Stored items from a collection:
********************
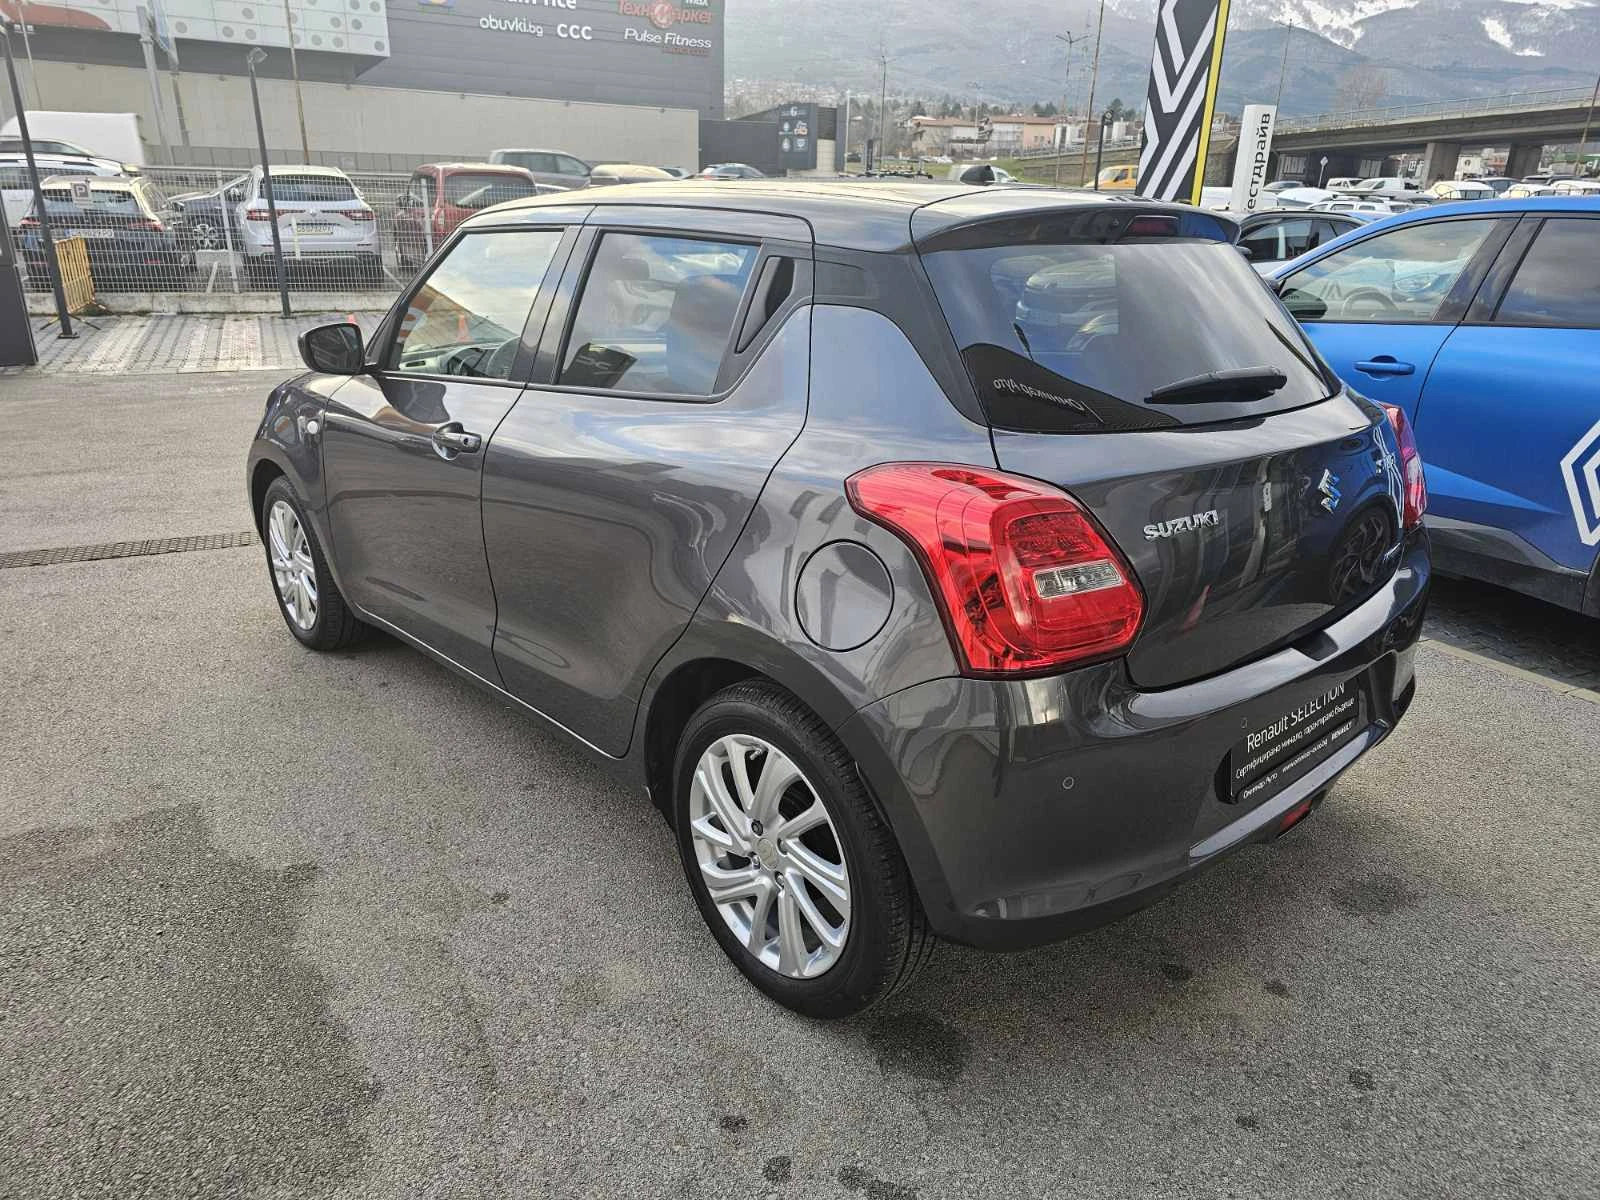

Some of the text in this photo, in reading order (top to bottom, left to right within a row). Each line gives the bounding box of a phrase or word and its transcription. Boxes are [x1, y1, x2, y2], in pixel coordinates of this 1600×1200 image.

[479, 14, 544, 37] obuvki.bg
[624, 28, 712, 48] Pulse Fitness
[1247, 113, 1271, 211] естдрайв
[1143, 509, 1220, 541] SUZUKI
[1246, 682, 1345, 753] Renault SELECTION
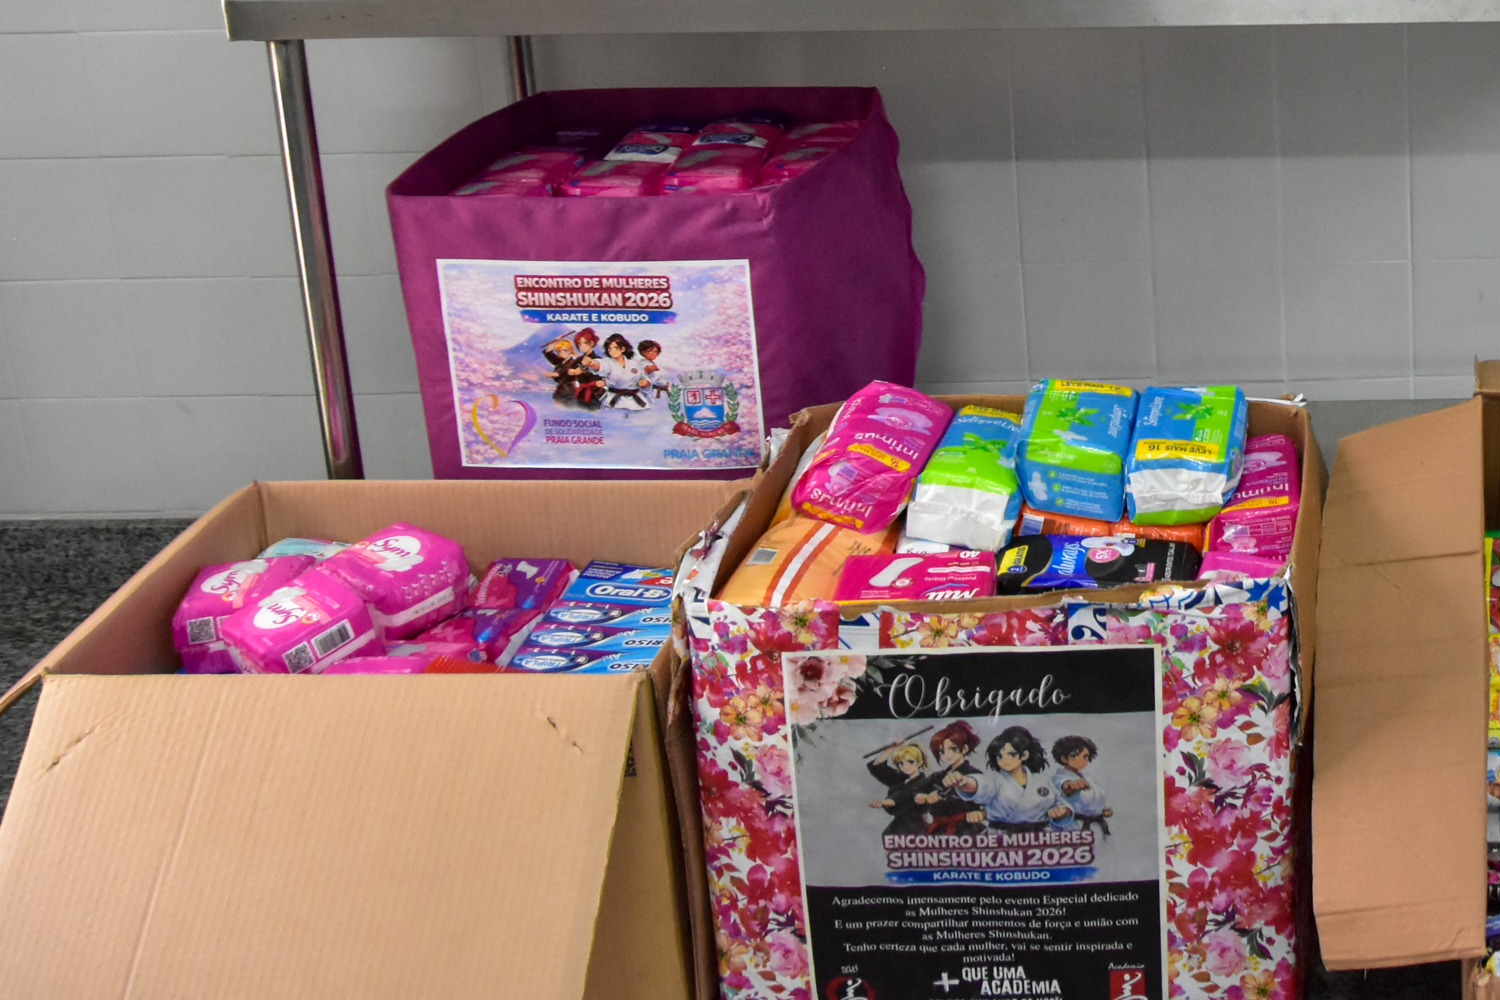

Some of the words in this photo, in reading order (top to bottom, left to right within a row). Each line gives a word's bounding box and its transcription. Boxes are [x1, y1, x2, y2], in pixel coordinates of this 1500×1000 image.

[517, 277, 581, 288] ENCONTRO
[584, 278, 599, 288] DE
[602, 278, 668, 289] MULHERES
[518, 292, 623, 307] SHINSHUKAN
[625, 292, 671, 307] 2026
[546, 313, 589, 322] KARATE
[601, 313, 648, 322] KOBUDO
[544, 420, 572, 428] FUNDO
[573, 420, 602, 428] SOCIAL
[546, 436, 570, 444] PRAIA
[571, 436, 604, 444] GRANDE
[854, 432, 919, 460] Intimus
[1052, 541, 1086, 575] always
[594, 585, 665, 598] Oral-B
[877, 673, 1071, 725] Obrigado
[884, 834, 973, 849] ENCONTRO
[976, 834, 998, 847] DE
[1002, 830, 1093, 846] MULHERES
[889, 850, 1025, 868] SHINSHUKAN
[1027, 846, 1092, 865] 2026
[933, 872, 981, 881] KARATE
[985, 872, 992, 881] E
[996, 871, 1050, 881] KOBUDO
[832, 896, 904, 908] Agradecemos
[907, 896, 976, 905] imensamente
[980, 896, 1002, 906] pelo
[1005, 896, 1040, 905] evento
[1043, 894, 1087, 906] Especial
[1090, 892, 1139, 902] dedicado
[919, 907, 968, 916] Mulheres
[972, 907, 1033, 917] Shinshukan
[1036, 907, 1066, 916] 2026!
[866, 920, 899, 930] prazer
[901, 919, 969, 930] compartilhar
[972, 919, 1026, 928] momentos
[1029, 919, 1041, 928] de
[1045, 919, 1072, 930] força
[1084, 918, 1113, 927] união
[1116, 918, 1139, 926] com
[936, 931, 985, 940] Mulheres
[989, 930, 1052, 940] Shinshukan.
[843, 943, 877, 952] Tenho
[879, 943, 916, 952] certeza
[919, 945, 938, 953] que
[941, 943, 965, 952] cada
[968, 942, 1008, 951] mulher,
[1043, 943, 1073, 951] sentir
[1076, 941, 1124, 952] inspirada
[963, 953, 1015, 962] motivada!
[962, 967, 989, 982] QUE
[993, 966, 1026, 980] UMA
[980, 979, 1061, 995] ACADEMIA
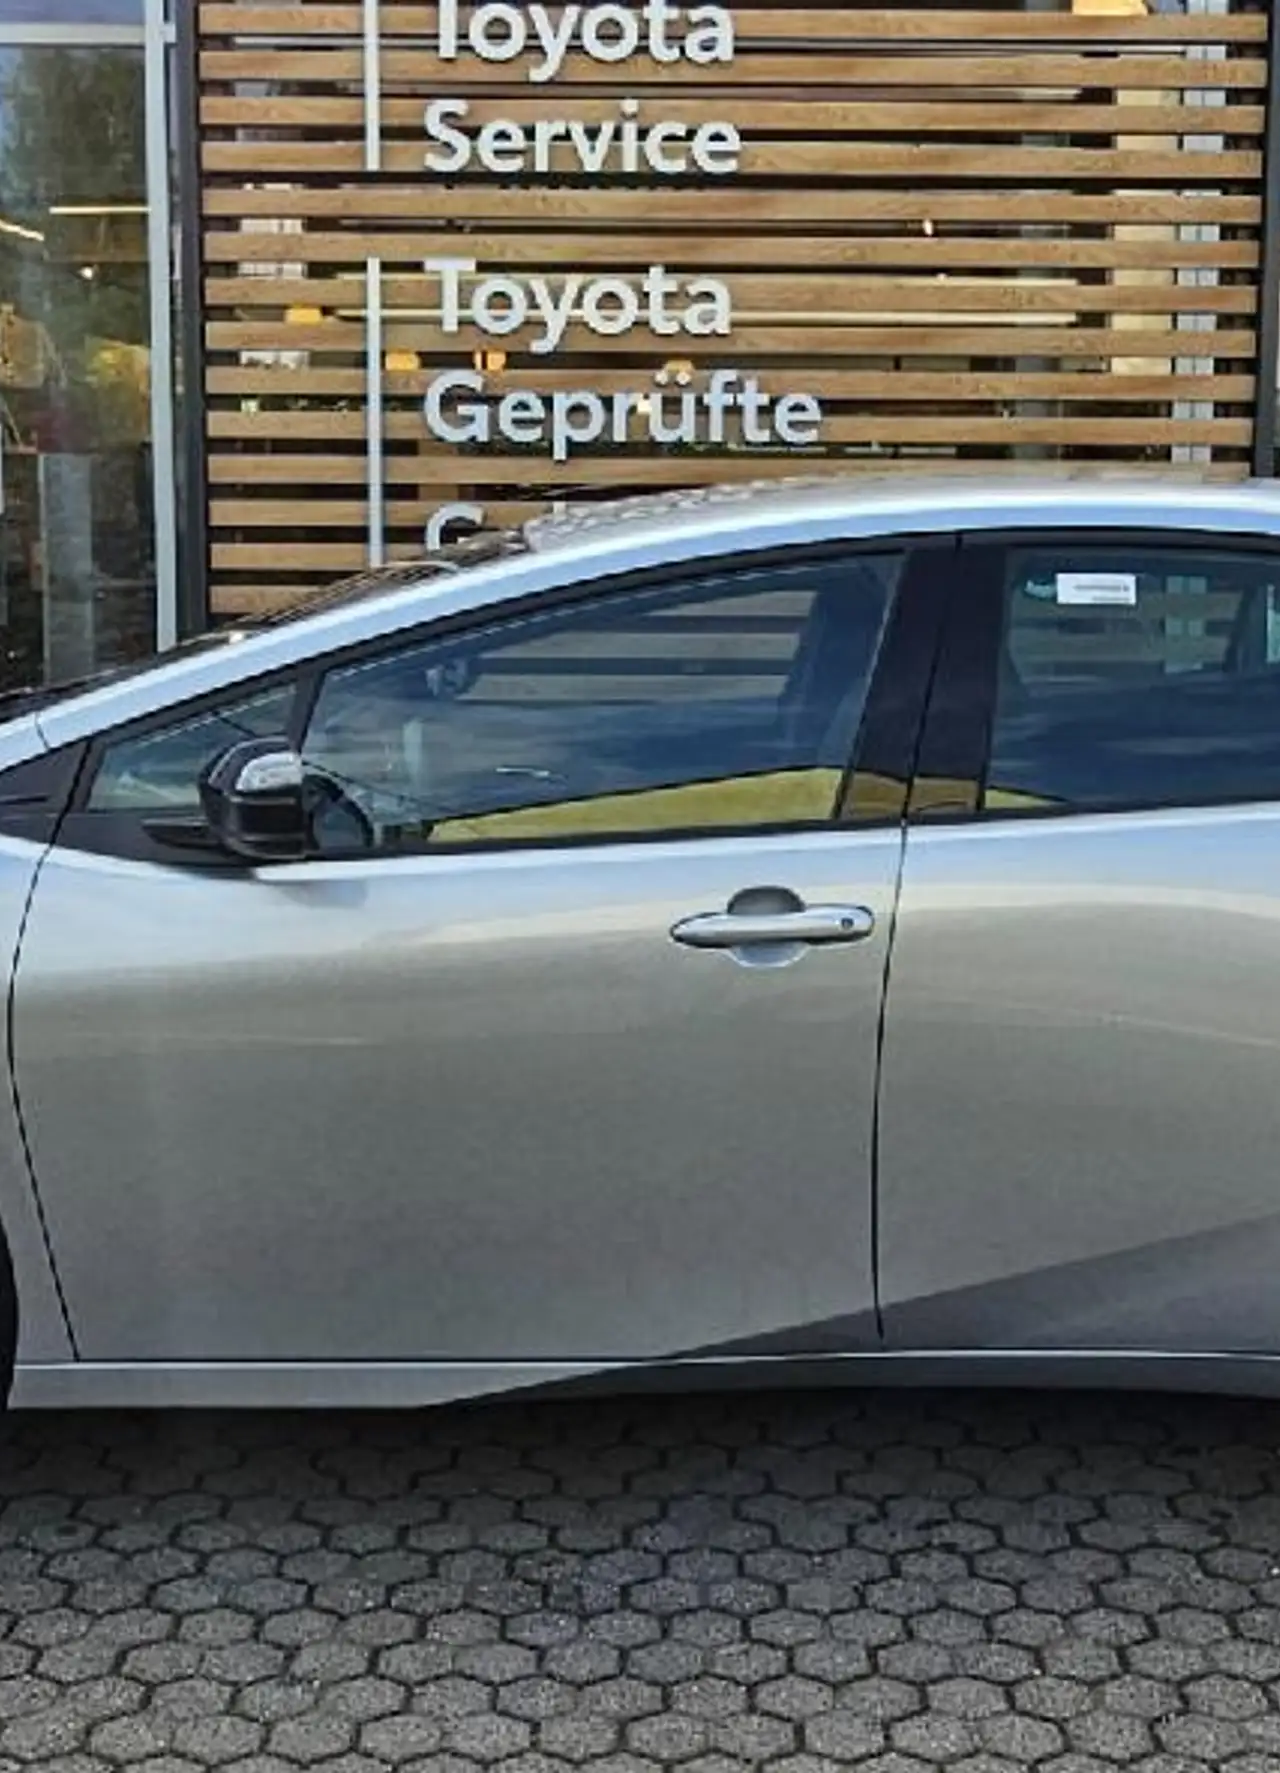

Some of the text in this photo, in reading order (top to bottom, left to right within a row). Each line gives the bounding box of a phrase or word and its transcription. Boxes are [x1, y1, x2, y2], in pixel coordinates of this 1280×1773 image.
********************
**What you need to do**
Return the entries verbatim without images.

**Reply**
Some of the text in this photo, in reading order (top to bottom, left to right within a row). Each line gives the bounding box of a phrase or word and its transcription. Boxes are [x1, y1, x2, y2], in pixel coordinates of this 1600×1200 image.

[479, 14, 544, 37] obuvki.bg
[624, 28, 712, 48] Pulse Fitness
[1247, 113, 1271, 211] естдрайв
[1143, 509, 1220, 541] SUZUKI
[1246, 682, 1345, 753] Renault SELECTION

Some of the words in this photo, in reading order (top to bottom, left to right within a row). Each line gives a word's bounding box and its transcription. Boxes are [x1, y1, x2, y2], in pixel coordinates of this 1500×1000 image.

[517, 277, 581, 288] ENCONTRO
[584, 278, 599, 288] DE
[602, 278, 668, 289] MULHERES
[518, 292, 623, 307] SHINSHUKAN
[625, 292, 671, 307] 2026
[546, 313, 589, 322] KARATE
[601, 313, 648, 322] KOBUDO
[544, 420, 572, 428] FUNDO
[573, 420, 602, 428] SOCIAL
[546, 436, 570, 444] PRAIA
[571, 436, 604, 444] GRANDE
[854, 432, 919, 460] Intimus
[1052, 541, 1086, 575] always
[594, 585, 665, 598] Oral-B
[877, 673, 1071, 725] Obrigado
[884, 834, 973, 849] ENCONTRO
[976, 834, 998, 847] DE
[1002, 830, 1093, 846] MULHERES
[889, 850, 1025, 868] SHINSHUKAN
[1027, 846, 1092, 865] 2026
[933, 872, 981, 881] KARATE
[985, 872, 992, 881] E
[996, 871, 1050, 881] KOBUDO
[832, 896, 904, 908] Agradecemos
[907, 896, 976, 905] imensamente
[980, 896, 1002, 906] pelo
[1005, 896, 1040, 905] evento
[1043, 894, 1087, 906] Especial
[1090, 892, 1139, 902] dedicado
[919, 907, 968, 916] Mulheres
[972, 907, 1033, 917] Shinshukan
[1036, 907, 1066, 916] 2026!
[866, 920, 899, 930] prazer
[901, 919, 969, 930] compartilhar
[972, 919, 1026, 928] momentos
[1029, 919, 1041, 928] de
[1045, 919, 1072, 930] força
[1084, 918, 1113, 927] união
[1116, 918, 1139, 926] com
[936, 931, 985, 940] Mulheres
[989, 930, 1052, 940] Shinshukan.
[843, 943, 877, 952] Tenho
[879, 943, 916, 952] certeza
[919, 945, 938, 953] que
[941, 943, 965, 952] cada
[968, 942, 1008, 951] mulher,
[1043, 943, 1073, 951] sentir
[1076, 941, 1124, 952] inspirada
[963, 953, 1015, 962] motivada!
[962, 967, 989, 982] QUE
[993, 966, 1026, 980] UMA
[980, 979, 1061, 995] ACADEMIA

Some of the text in this photo, in reading order (top to bottom, left to right within a row). Each line gives the bounding box of a phrase or word and its transcription. Boxes are [x1, y1, x2, y2], in pixel coordinates of this 1280×1773 image.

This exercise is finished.